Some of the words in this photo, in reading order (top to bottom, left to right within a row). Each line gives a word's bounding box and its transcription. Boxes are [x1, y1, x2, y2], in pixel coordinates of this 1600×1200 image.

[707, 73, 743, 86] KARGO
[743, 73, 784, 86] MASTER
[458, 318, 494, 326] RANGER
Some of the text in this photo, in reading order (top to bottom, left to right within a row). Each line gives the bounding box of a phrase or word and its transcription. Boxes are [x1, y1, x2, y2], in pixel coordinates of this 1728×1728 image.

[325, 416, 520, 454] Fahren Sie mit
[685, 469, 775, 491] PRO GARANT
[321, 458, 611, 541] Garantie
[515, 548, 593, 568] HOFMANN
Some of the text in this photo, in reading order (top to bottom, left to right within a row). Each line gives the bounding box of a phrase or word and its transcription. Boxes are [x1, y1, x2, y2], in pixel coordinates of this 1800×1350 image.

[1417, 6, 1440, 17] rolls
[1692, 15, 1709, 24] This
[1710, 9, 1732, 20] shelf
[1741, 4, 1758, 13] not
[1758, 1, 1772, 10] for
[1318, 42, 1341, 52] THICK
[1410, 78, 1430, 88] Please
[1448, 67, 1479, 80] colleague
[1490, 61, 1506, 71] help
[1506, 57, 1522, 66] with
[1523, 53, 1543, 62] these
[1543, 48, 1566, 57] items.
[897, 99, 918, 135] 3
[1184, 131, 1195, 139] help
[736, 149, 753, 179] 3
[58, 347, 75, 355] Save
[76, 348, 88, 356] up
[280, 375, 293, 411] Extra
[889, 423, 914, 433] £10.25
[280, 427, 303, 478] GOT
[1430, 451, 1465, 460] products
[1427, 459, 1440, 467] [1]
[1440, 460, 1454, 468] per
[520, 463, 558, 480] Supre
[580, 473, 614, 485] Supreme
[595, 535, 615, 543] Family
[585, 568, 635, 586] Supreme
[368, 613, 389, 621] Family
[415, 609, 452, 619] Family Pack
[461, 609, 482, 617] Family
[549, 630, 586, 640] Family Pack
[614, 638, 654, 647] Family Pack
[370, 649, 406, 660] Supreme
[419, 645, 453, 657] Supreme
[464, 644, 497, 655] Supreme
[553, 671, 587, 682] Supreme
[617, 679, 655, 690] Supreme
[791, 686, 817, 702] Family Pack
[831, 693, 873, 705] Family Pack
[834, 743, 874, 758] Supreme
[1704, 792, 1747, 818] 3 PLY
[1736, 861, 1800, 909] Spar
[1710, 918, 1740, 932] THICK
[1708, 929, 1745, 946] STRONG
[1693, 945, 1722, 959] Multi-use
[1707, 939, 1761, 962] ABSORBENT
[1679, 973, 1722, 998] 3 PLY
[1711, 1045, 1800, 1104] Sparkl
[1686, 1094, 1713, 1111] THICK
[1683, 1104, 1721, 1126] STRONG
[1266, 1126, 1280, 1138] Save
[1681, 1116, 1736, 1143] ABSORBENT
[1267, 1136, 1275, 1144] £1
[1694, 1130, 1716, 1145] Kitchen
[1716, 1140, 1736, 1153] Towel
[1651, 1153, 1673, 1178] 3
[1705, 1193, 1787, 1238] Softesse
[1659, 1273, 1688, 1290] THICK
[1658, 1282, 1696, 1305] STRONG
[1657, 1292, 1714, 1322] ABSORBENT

Task to complete: Every entry should be retyped exactly as shown.

Solution to this exercise:
Some of the words in this photo, in reading order (top to bottom, left to right within a row). Each line gives a word's bounding box and its transcription. Boxes are [x1, y1, x2, y2], in pixel coordinates of this 1600×1200 image.

[707, 73, 743, 86] KARGO
[743, 73, 784, 86] MASTER
[458, 318, 494, 326] RANGER
Some of the text in this photo, in reading order (top to bottom, left to right within a row). Each line gives the bounding box of a phrase or word and its transcription. Boxes are [x1, y1, x2, y2], in pixel coordinates of this 1728×1728 image.

[325, 416, 520, 454] Fahren Sie mit
[685, 469, 775, 491] PRO GARANT
[321, 458, 611, 541] Garantie
[515, 548, 593, 568] HOFMANN
Some of the text in this photo, in reading order (top to bottom, left to right within a row). Each line gives the bounding box of a phrase or word and its transcription. Boxes are [x1, y1, x2, y2], in pixel coordinates of this 1800×1350 image.

[1417, 6, 1440, 17] rolls
[1692, 15, 1709, 24] This
[1710, 9, 1732, 20] shelf
[1741, 4, 1758, 13] not
[1758, 1, 1772, 10] for
[1318, 42, 1341, 52] THICK
[1410, 78, 1430, 88] Please
[1448, 67, 1479, 80] colleague
[1490, 61, 1506, 71] help
[1506, 57, 1522, 66] with
[1523, 53, 1543, 62] these
[1543, 48, 1566, 57] items.
[897, 99, 918, 135] 3
[1184, 131, 1195, 139] help
[736, 149, 753, 179] 3
[58, 347, 75, 355] Save
[76, 348, 88, 356] up
[280, 375, 293, 411] Extra
[889, 423, 914, 433] £10.25
[280, 427, 303, 478] GOT
[1430, 451, 1465, 460] products
[1427, 459, 1440, 467] [1]
[1440, 460, 1454, 468] per
[520, 463, 558, 480] Supre
[580, 473, 614, 485] Supreme
[595, 535, 615, 543] Family
[585, 568, 635, 586] Supreme
[368, 613, 389, 621] Family
[415, 609, 452, 619] Family Pack
[461, 609, 482, 617] Family
[549, 630, 586, 640] Family Pack
[614, 638, 654, 647] Family Pack
[370, 649, 406, 660] Supreme
[419, 645, 453, 657] Supreme
[464, 644, 497, 655] Supreme
[553, 671, 587, 682] Supreme
[617, 679, 655, 690] Supreme
[791, 686, 817, 702] Family Pack
[831, 693, 873, 705] Family Pack
[834, 743, 874, 758] Supreme
[1704, 792, 1747, 818] 3 PLY
[1736, 861, 1800, 909] Spar
[1710, 918, 1740, 932] THICK
[1708, 929, 1745, 946] STRONG
[1693, 945, 1722, 959] Multi-use
[1707, 939, 1761, 962] ABSORBENT
[1679, 973, 1722, 998] 3 PLY
[1711, 1045, 1800, 1104] Sparkl
[1686, 1094, 1713, 1111] THICK
[1683, 1104, 1721, 1126] STRONG
[1266, 1126, 1280, 1138] Save
[1681, 1116, 1736, 1143] ABSORBENT
[1267, 1136, 1275, 1144] £1
[1694, 1130, 1716, 1145] Kitchen
[1716, 1140, 1736, 1153] Towel
[1651, 1153, 1673, 1178] 3
[1705, 1193, 1787, 1238] Softesse
[1659, 1273, 1688, 1290] THICK
[1658, 1282, 1696, 1305] STRONG
[1657, 1292, 1714, 1322] ABSORBENT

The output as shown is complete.